According to GLOBOCAN 2020, Japan’s age-standardized gastric cancer incidence rate reaches 27.5 per 100,000, ranking first among developed countries—far exceeding rates in Western nations (United States: 5.6/100,000; Germany: 7.8/100,000) [2]. This elevated risk persists despite Japan’s advanced healthcare system and globally admired dietary culture.
Concurrently, the traditional Japanese diet has been extensively promoted as a model of healthy eating, associated with the world’s highest life expectancy [3]. A core characteristic of this dietary pattern is extremely low fat intake: traditional Japanese residents consumed less than 10g of cooking oil daily, with fat providing less than 15% of total energy—substantially below the 20–30% range recommended by most international dietary guidelines [4,5].
This creates a striking epidemiological contradiction: a population following an ostensibly “healthy low-fat diet” experiences the highest gastric cancer rates among developed nations.

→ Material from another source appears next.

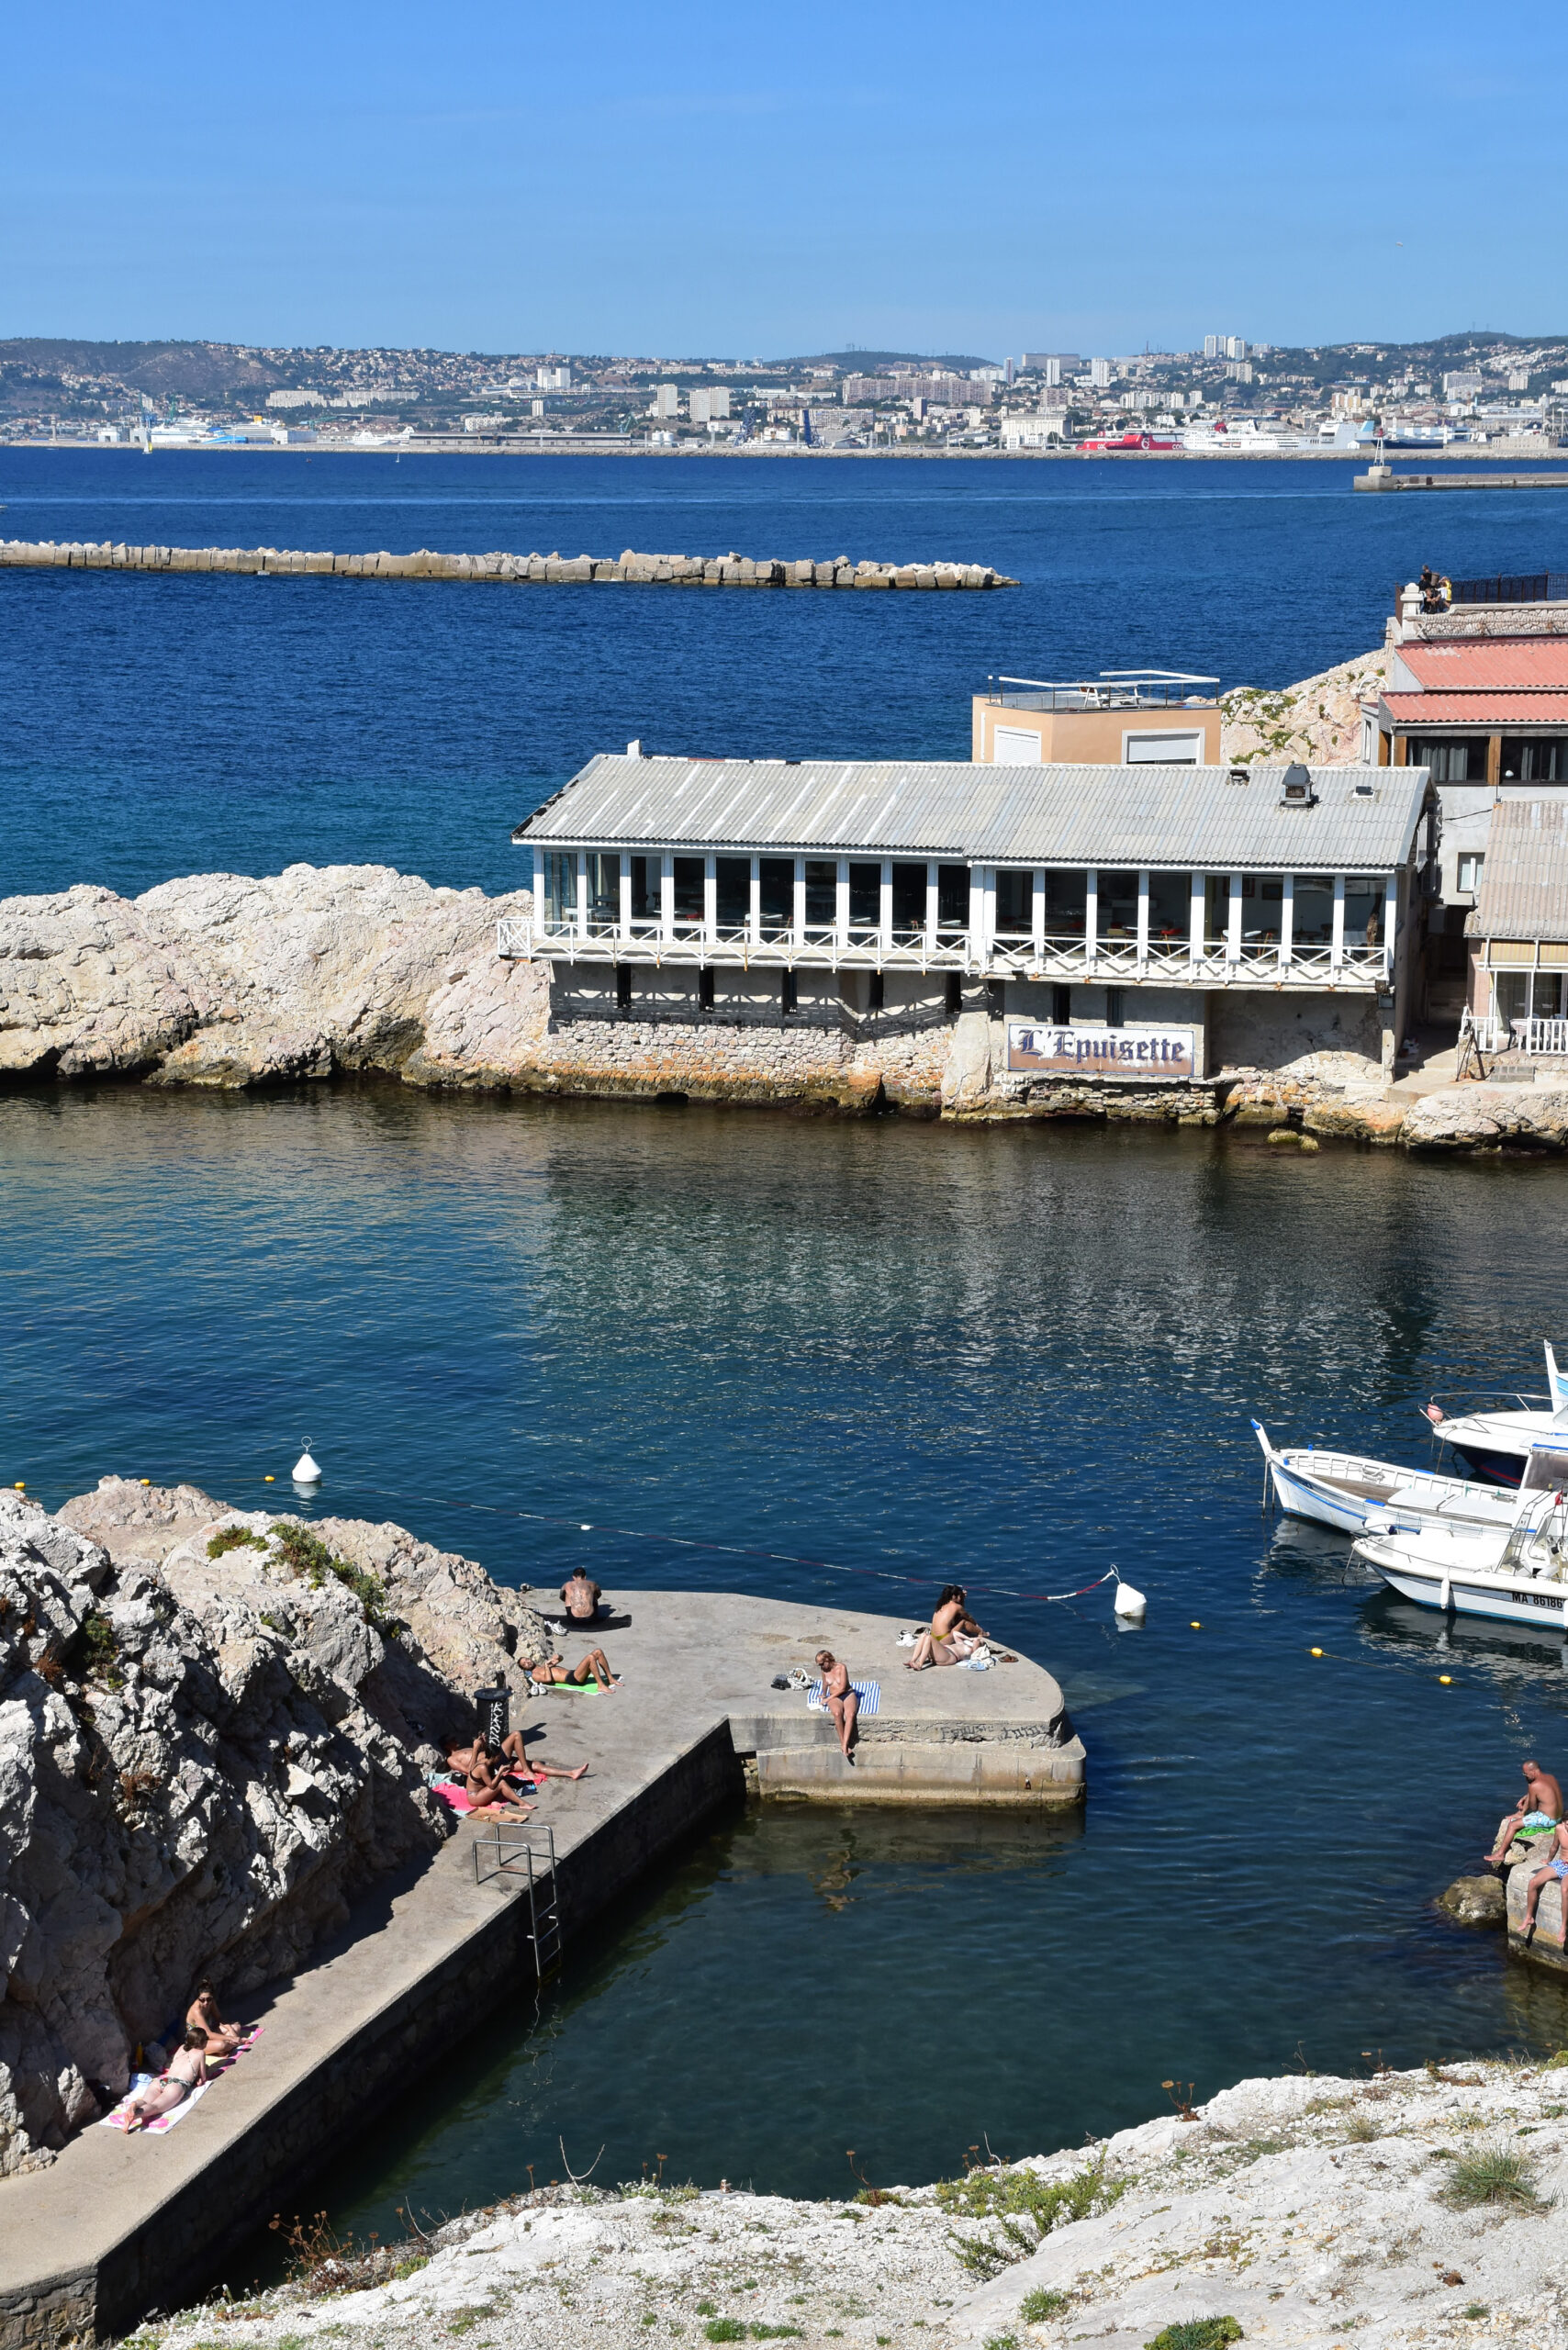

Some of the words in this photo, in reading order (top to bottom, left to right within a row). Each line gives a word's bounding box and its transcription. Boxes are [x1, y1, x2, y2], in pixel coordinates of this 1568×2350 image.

1.1. Limitations of Current Explanations

The prevailing explanations for Japan’s high gastric cancer incidence focus on high salt intake [6] and Helicobacter pylori infection [7]. However, these explanations face significant challenges:
1.
Declining risk factors, persistent high incidence: Japan’s H. pylori eradication therapy success rate exceeds 80% [8], and population-level salt intake has decreased by over 30% since the 1960s [9]. Yet gastric cancer incidence remains substantially elevated compared to Western countries.
2.
The African/Asian enigma: High H. pylori prevalence does not uniformly predict high gastric cancer rates. This phenomenon—originally described for sub-Saharan Africa [10]—is similarly observed in South and Southeast Asian populations (e.g., India, Bangladesh), where H. pylori seroprevalence exceeds 70% yet gastric cancer incidence remains low.
3.
Residual risk: Despite declining prevalence of known risk factors, gastric cancer incidence in Japan remains higher than in Western countries, suggesting the involvement of additional, underrecognized factors [11].
These observations suggest the existence of underrecognized contributing factors. Notably, no prior hypothesis has systematically examined whether the low-fat character of the Japanese diet itself—long assumed to be purely protective—might constitute a vulnerability modifier.

2. The Hypothesis

We propose the following hypothesis:
Long-term extreme low-fat dietary intake (<15% of energy from fat) is an independent synergistic risk factor for gastric diseases. Chronic insufficient dietary fat impairs gastrointestinal mucosal barrier integrity and diminishes mucosal defense and repair capacity, thereby amplifying the damaging effects of established risk factors (high salt, H. pylori infection) and contributing to elevated gastric disease incidence.
This hypothesis does not suggest that low-fat diet directly causes gastric cancer. Rather, it proposes that extreme low-fat intake creates a state of mucosal vulnerability that magnifies the effects of other carcinogenic factors—a synergistic relationship that explains why Japanese populations experience higher gastric cancer rates despite similar or lower exposure to individual risk factors compared to some other populations.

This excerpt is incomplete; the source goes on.